- Directed by: Chris Sparling
- Screenplay by: Chris Sparling
- Story by: Chris Sparling
- Produced by: Peter Safran
- Starring: William Mapother Rya Kihlstedt John Rubinstein
- Cinematography: Alex Vendler
- Edited by: Sam Bauer
- Distributed by: SND Groupe M6
- Release date: January 23, 2015;
- Running time: 92 minutes
- Country: United States
- Language: English

= The Atticus Institute =

The Atticus Institute is a 2015 American independent pseudo-documentary horror film written and directed by Chris Sparling about a paranormal research institute, which becomes home to the only U.S. government confirmed case of possession.

== Plot ==
The story of the film is presented in documentary format, with footage of the events punctuated by interviews with people related to them.

In the early 1970s, Dr. Henry West (William Mapother) founded the Atticus Institute in rural Pennsylvania, hoping to find evidence that proves supernatural abilities such as ESP are real. Despite the best work of West and his aides, however, every subject that comes to the institute seeming to display such abilities are ultimately proven to be frauds. The team is demoralized in their work by the time Judith Winstead (Rya Kihlstedt) is brought to the institute by her sister Margaret, who is troubled by her disturbing behavior. The tests immediately proves to be no challenge for Judith's incredible power, the team gradually introduces new tests that show her to possess even greater abilities than first imagined.

Judith's behavior grows more unstable as her abilities evolve, disturbing West's staff. Bizarre events begin to happen to the aides and their families outside of the institute, which they suspect Judith is somehow influencing, and many of them resign from their positions to escape from her. As the situation escalates, the team seeks help from the United States military; under the influence of military advisors, they conduct new tests that lead to Judith manifesting new abilities such as telekinesis and pyrokinesis. One day, Judith experiences a violent reaction to a spectral photography experiment, and when the images are checked, a cloud-like entity is observed temporarily leaving Judith's body during her convulsions. This leads the team to realize that Judith's powers are the result of demonic possession.

With this discovery, the military seizes full control of the institute under a pretext of national security, and the situation spirals completely out of control.

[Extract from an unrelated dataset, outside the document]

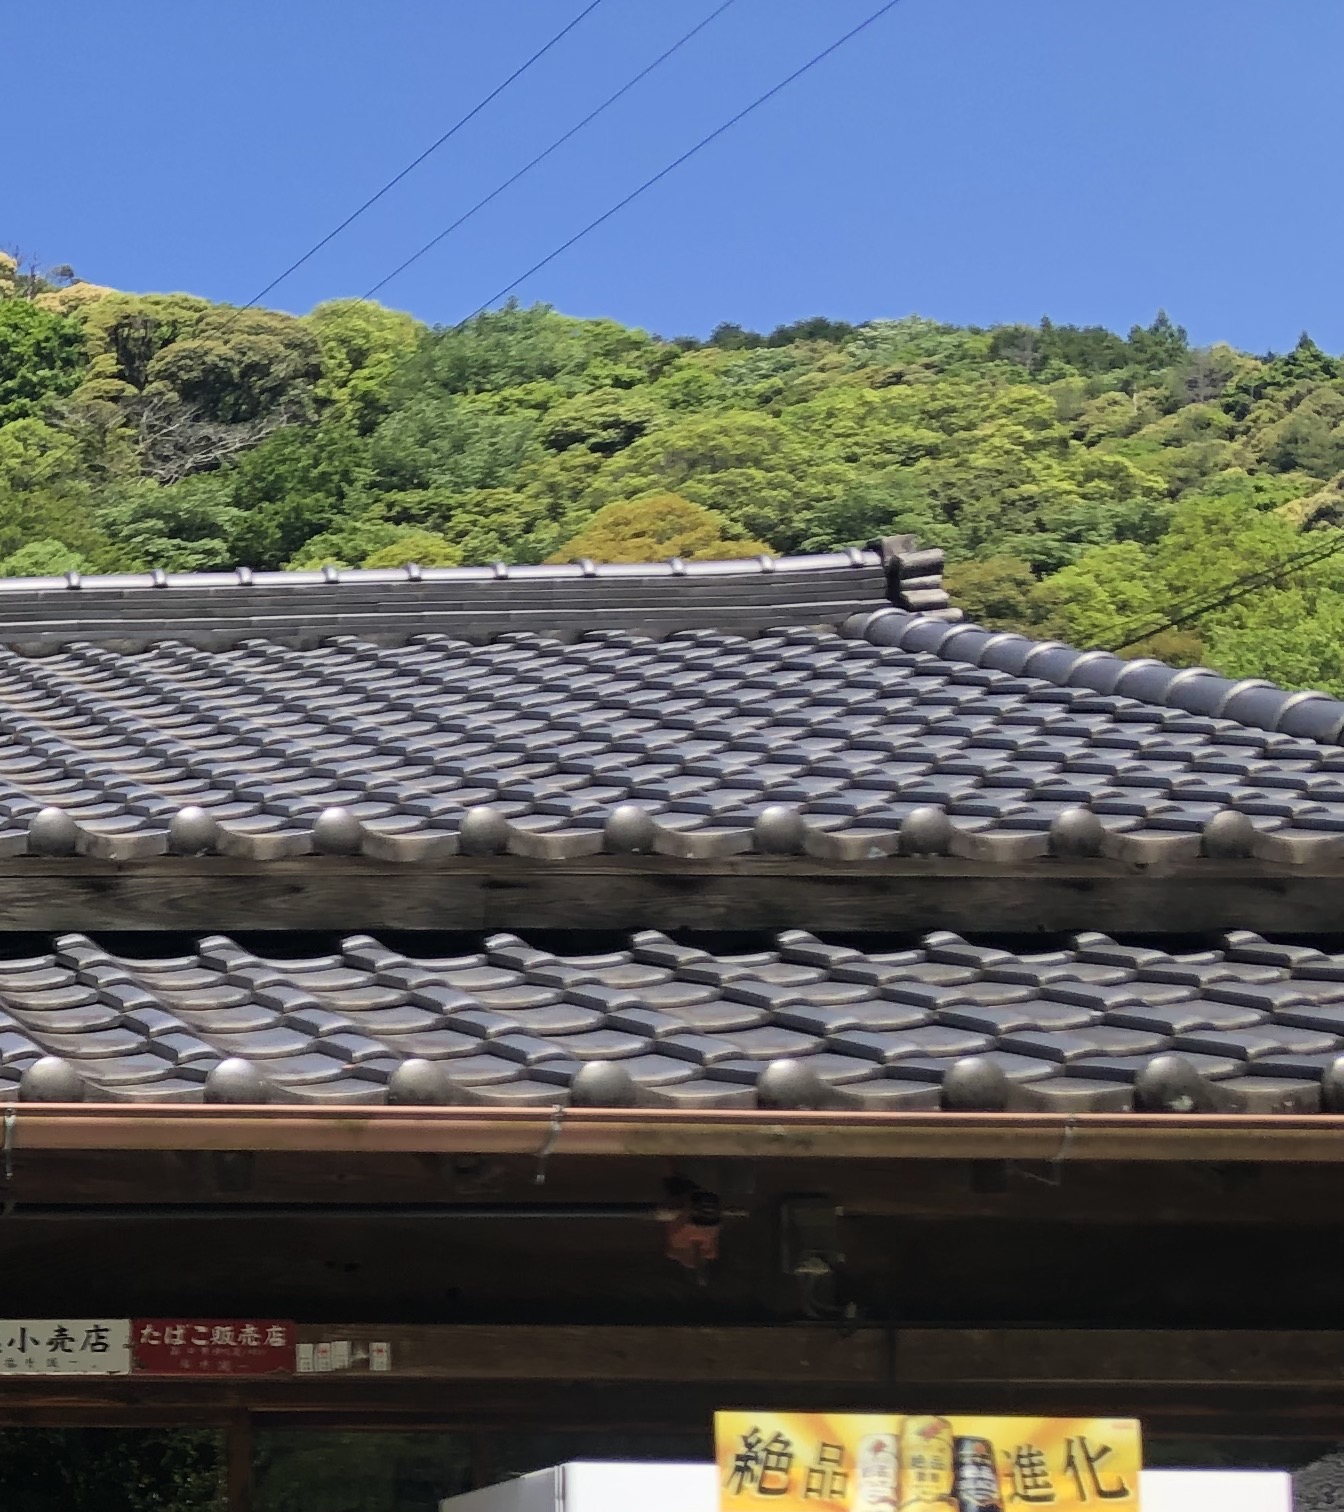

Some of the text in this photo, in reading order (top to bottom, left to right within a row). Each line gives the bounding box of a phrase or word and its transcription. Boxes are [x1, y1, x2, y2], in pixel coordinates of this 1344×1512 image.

[140, 1323, 287, 1347] たばこ販売店
[724, 1426, 1130, 1503] 絶品 進化

Soon, the military decides that Judith's abilities can be utilized as a weapon against the Soviet Union in the Cold War, and they begin conducting increasingly inhumane experiments on Judith against West's objections. Using methods such as electroshock therapy, the military try to tame the demon and force it to cooperate in exercises such as identifying the location of enemy bases, ignoring the effects these tests have on Judith. As these experiments ultimately prove fruitless, the military decides to try removing the demon from Judith by having a priest perform an exorcism while a soldier is connected to Judith. The process shows promise at first, but Judith suddenly lashes out and gravely injures the priest, disconnecting the electrodes attached to her before passing out. As the staff try to reattach the electrodes, Judith experiences a violent seizure while the demon attacks West through the body of the soldier connected to her. An unseen force blasts through the facility, knocking out all present. As the cameras come back online, Judith is now free of the demon's control and restored to her true self, but still tied to a chair in an observation cell. She panics when she sees the carnage around her. The demon enters the room in West's body, having fully consumed his soul, and stands before Judith's cell as she pleads for help. West kills Judith by telekinetically bursting her heart, then calmly exits the room and disappears.

The film concludes with a note revealing that Judith's body was buried in an undisclosed location following an autopsy, and her case "remains the only instance of possession officially recognized by the United States government". Dr. West, having "disappeared on October 23, 1976" is revealed to have been declared legally dead in 1982 and his whereabouts unknown for over forty years.

==Release==
The film was wide released on January 23, 2015.

== Reception ==
The Atticus Institute was poorly received by critics. On Rotten Tomatoes it has a score of 50%, based on reviews from 6 critics. Critics praised its original format but criticized the pacing of the movie and the lack of originality.